However, the Silvertooth apparatus involves an intricate interferometry measurement as the detector is displaced in steps through nodes and antinodes spaced according to the very short wavelength of the laser light source used. A separate optical scaling arrangement is required to determine the coincidence of the relevant fringes, whilst very many intervening fringes are discounted. This involves a very sensitive structure and a fringe count which, though first-order, rather than second-order, in the velocity measurement sensitivity (in terms of v/c, the cosmic velocity to speed of light ratio), is inversely proportional to the physical displacement measured.
The subject invention overcomes these problems, whilst affording a first-order v/c test, for which the physical displacement measurement is linearly and directly proportional to the measured velocity v and for which the observation is not obscured by an intervening set of optical fringes which need to be discounted in the observation.

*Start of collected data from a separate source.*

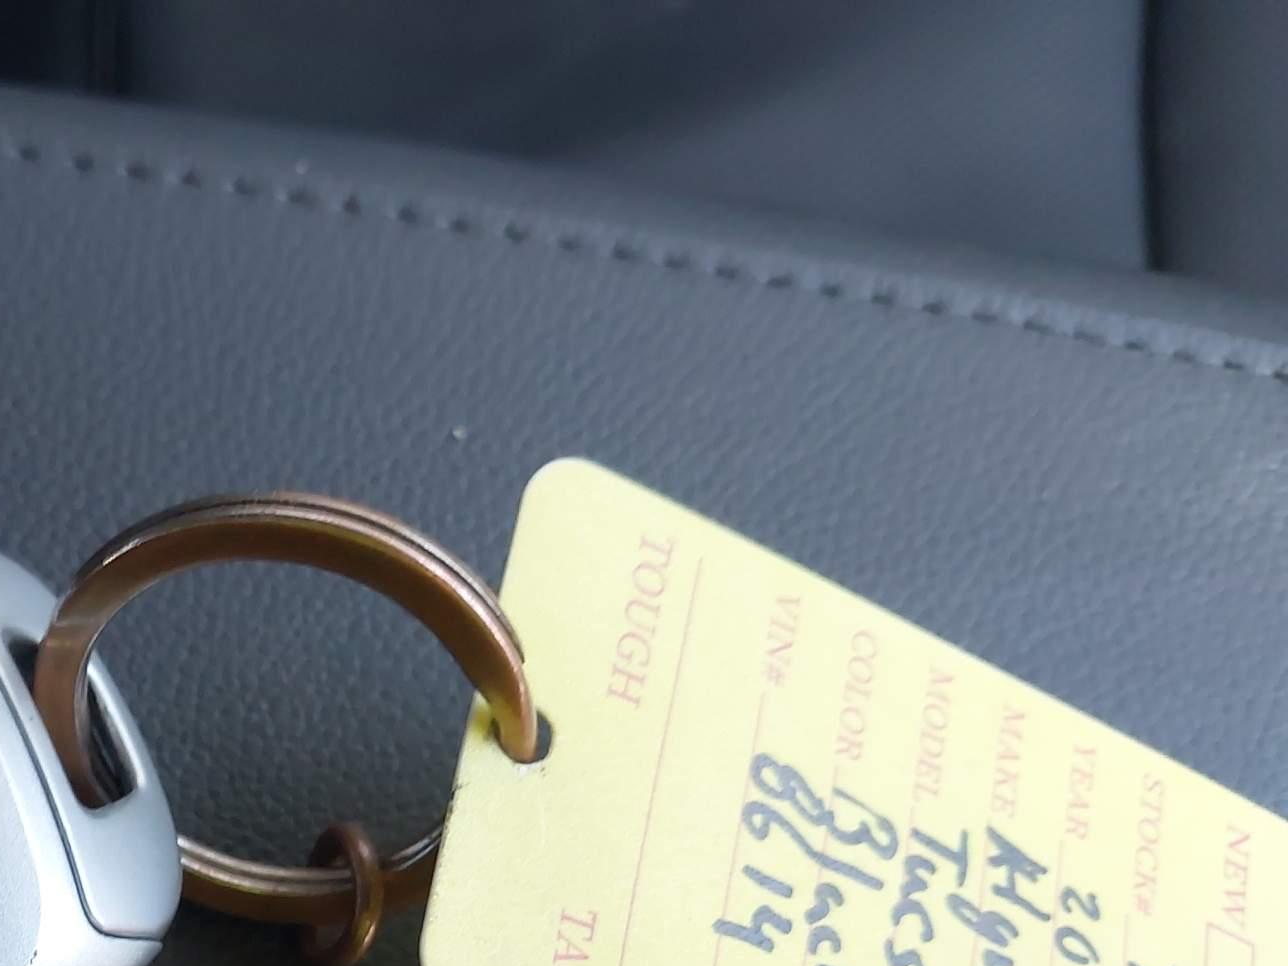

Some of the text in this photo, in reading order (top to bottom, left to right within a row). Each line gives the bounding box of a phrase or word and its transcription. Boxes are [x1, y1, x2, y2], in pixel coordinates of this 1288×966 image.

[606, 534, 675, 708] TOUGH
[764, 593, 802, 688] VIN#
[834, 629, 879, 762] COLOR
[911, 666, 956, 804] MODEL
[990, 704, 1028, 815] MAKE
[712, 752, 825, 954] 8614
[1063, 742, 1098, 842] YEAR
[1131, 772, 1166, 918] STOCK#
[1221, 825, 1253, 929] NEW
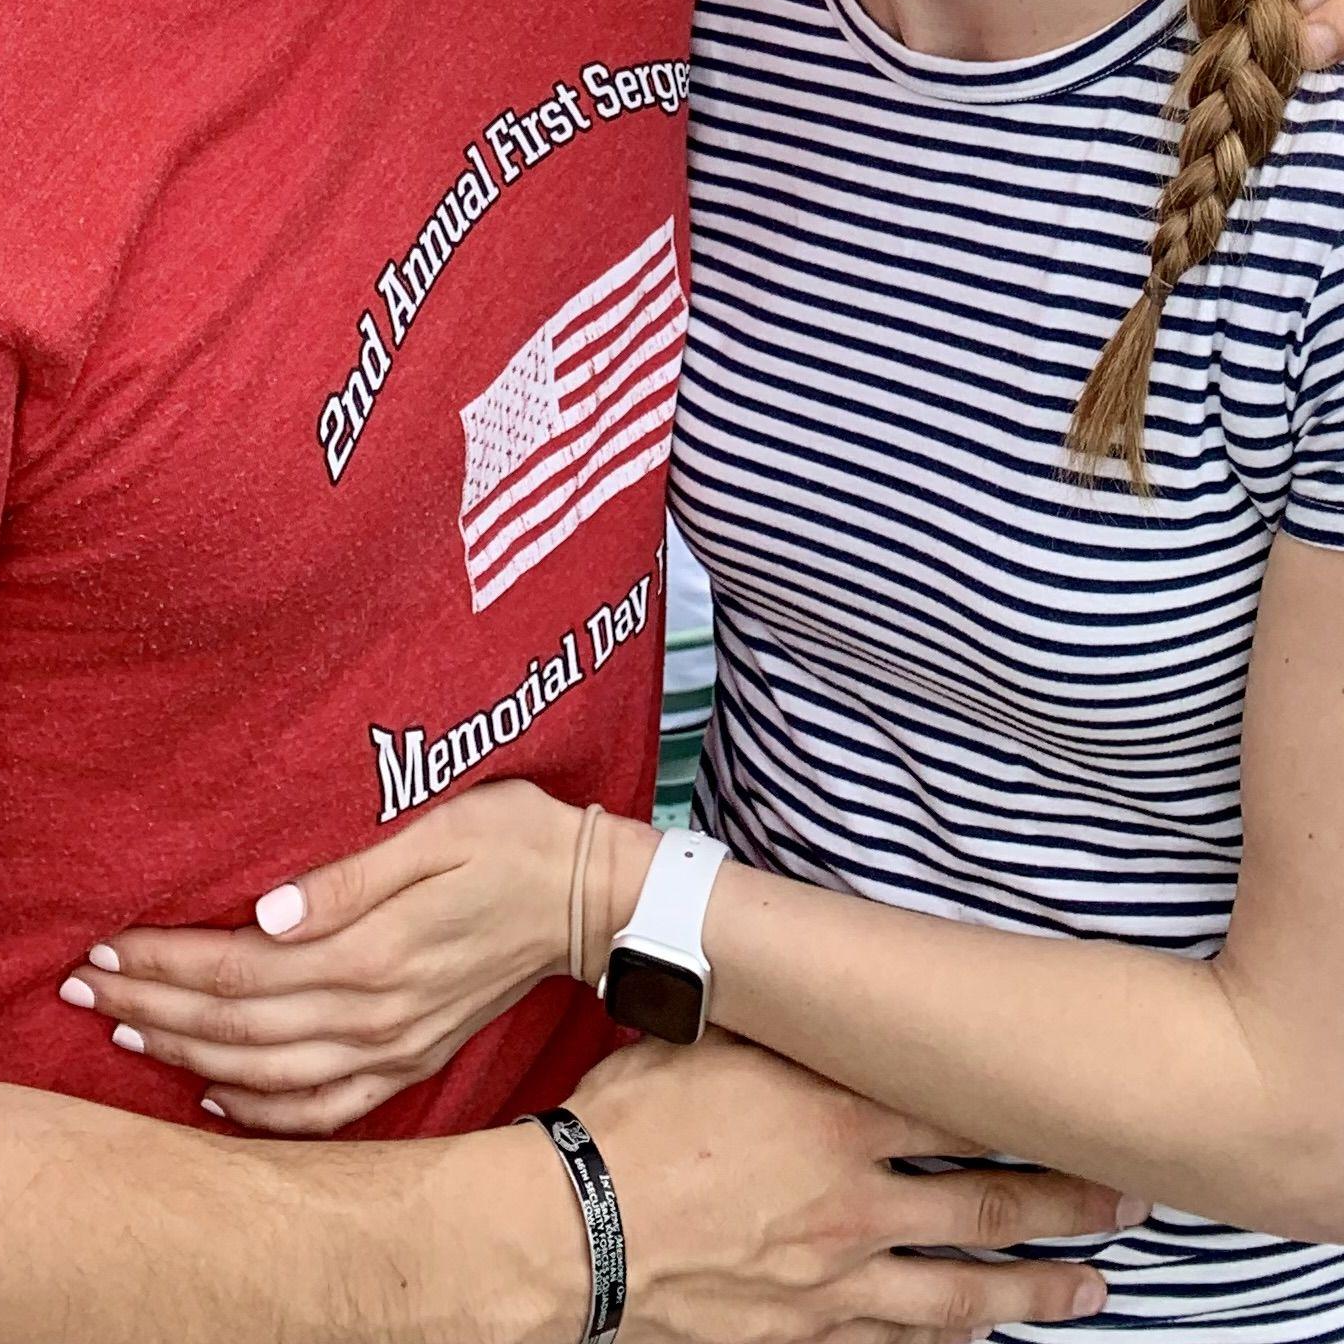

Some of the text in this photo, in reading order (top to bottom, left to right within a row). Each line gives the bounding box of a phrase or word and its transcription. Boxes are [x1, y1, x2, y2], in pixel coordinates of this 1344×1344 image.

[318, 310, 392, 485] 2nd
[375, 141, 503, 349] Annual
[483, 79, 593, 186] First
[369, 572, 653, 825] Memorial Day
[584, 1181, 605, 1230] SECURITY

BRIEF STATEMENT OF INVENTION
According to the invention, an optical instrument for measuring velocity and direction of motion comprises a laser light source, means for dividing the laser beam into two parallel rays, each being divergent so as to set up a spherical wavefront, photo sensor means positioned in the ray path and spaced at a set distance from the source points from which the rays are divergent, screening means adjacent the photosensor means positioned in the ray path to intercept most of the light radiation but having a small aperture which admits light to the photosensor over a restricted field of view, means for displacing the screening means in the plane common to the two parallel rays and laterally with respect to the ray path, whereby the displacement position of the screen determines the position of the aperture in relation to optical interference fringes formed by the overlap of the two rays, and electrical measurement means for monitoring the output from the photosensor in relation to the space orientation of the instrument and the displacement position of the screen.

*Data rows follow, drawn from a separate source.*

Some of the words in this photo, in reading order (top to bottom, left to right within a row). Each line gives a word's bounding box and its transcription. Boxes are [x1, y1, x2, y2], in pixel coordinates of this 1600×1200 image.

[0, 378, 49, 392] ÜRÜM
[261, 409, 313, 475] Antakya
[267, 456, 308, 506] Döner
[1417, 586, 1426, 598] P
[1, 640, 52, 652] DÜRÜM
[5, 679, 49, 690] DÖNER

According to a feature of the invention, the means for dividing the laser beam into two parallel rays comprise a translucent plate having surfaces which are partially reflecting, positioned to reflect the beam by producing a first reflected ray at its front reflecting surface and by producing a second reflected ray at its rear surface.
According to further feature of the invention, the means for dividing the laser beam to cause the rays to be divergent further comprise at least one concave lens through which light from the laser passes en route to the photosensor.

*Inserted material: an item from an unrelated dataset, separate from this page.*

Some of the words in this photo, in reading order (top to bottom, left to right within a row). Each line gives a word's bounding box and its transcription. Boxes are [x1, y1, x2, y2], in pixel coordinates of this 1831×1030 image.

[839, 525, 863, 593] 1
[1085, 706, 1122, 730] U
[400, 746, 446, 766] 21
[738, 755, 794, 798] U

According to another feature of the invention, the instrument comprises a rigid frame structure which may be mounted so as to be free to turn about an axis and all components associated with the optical path, including the laser and photosensor are attached to said frame in fixed positions relative to each other, whereby the interference fringes formed by the overlap of the two rays have positions relative to the aperture admitting light to the photosensor with a dependence upon the orientation of the instrument in relation to the applicable optical frame of reference in space that governs the light propagation.
BRIEF DESCRIPTION OF THE DRAWINGS
Fig. 1 shows in schematic form the optical layout of a test apparatus
incorporating the invention, in which the fringe patterns set up by
a an interferometer are positioned as a function of motion of the
apparatus at speed v through space.
Fig. 2 shows how two mutually coherent light sources develop
interference fringes in the manner applied by this invention.
DETAILED DESCRIPTION OF THE INVENTION
It has been known from the time of Bradley in 1727 that light from stars is subject to aberration. During the transit of light from star to
Earth the Earth's motion across the ray path of the incoming starlight has an effect on the apparent position of the star. Even light passage through the observing telescope has a transit time affecting the observation. The telescope has to be inclined as a function of the translational motion of the Earth in order that the ray from the star should be properly focussed in travelling from the objective to the eyepiece.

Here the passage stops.